_The task_
Could you set down every record below exactly as it appears?

_Exercise data_
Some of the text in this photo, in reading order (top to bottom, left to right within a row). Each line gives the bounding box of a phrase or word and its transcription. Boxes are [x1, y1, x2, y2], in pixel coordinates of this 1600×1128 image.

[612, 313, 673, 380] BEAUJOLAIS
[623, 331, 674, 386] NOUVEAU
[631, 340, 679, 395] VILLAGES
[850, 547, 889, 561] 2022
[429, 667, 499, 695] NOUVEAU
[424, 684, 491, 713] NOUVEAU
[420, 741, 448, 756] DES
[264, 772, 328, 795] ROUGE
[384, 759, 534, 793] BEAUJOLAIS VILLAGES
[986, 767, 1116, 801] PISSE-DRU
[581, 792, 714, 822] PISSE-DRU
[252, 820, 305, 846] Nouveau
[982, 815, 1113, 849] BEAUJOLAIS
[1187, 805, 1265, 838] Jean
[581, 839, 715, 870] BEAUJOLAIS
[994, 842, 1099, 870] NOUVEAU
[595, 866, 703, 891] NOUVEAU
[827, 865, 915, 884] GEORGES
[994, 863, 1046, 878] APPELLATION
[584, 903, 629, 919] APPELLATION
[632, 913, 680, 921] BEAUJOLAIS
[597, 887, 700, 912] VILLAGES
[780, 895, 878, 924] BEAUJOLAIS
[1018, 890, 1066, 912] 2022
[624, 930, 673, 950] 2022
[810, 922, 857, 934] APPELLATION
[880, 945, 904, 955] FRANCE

_Exercise solution_
Some of the text in this photo, in reading order (top to bottom, left to right within a row). Each line gives the bounding box of a phrase or word and its transcription. Boxes are [x1, y1, x2, y2], in pixel coordinates of this 1600×1128 image.

[612, 313, 673, 380] BEAUJOLAIS
[623, 331, 674, 386] NOUVEAU
[631, 340, 679, 395] VILLAGES
[850, 547, 889, 561] 2022
[429, 667, 499, 695] NOUVEAU
[424, 684, 491, 713] NOUVEAU
[420, 741, 448, 756] DES
[264, 772, 328, 795] ROUGE
[384, 759, 534, 793] BEAUJOLAIS VILLAGES
[986, 767, 1116, 801] PISSE-DRU
[581, 792, 714, 822] PISSE-DRU
[252, 820, 305, 846] Nouveau
[982, 815, 1113, 849] BEAUJOLAIS
[1187, 805, 1265, 838] Jean
[581, 839, 715, 870] BEAUJOLAIS
[994, 842, 1099, 870] NOUVEAU
[595, 866, 703, 891] NOUVEAU
[827, 865, 915, 884] GEORGES
[994, 863, 1046, 878] APPELLATION
[584, 903, 629, 919] APPELLATION
[632, 913, 680, 921] BEAUJOLAIS
[597, 887, 700, 912] VILLAGES
[780, 895, 878, 924] BEAUJOLAIS
[1018, 890, 1066, 912] 2022
[624, 930, 673, 950] 2022
[810, 922, 857, 934] APPELLATION
[880, 945, 904, 955] FRANCE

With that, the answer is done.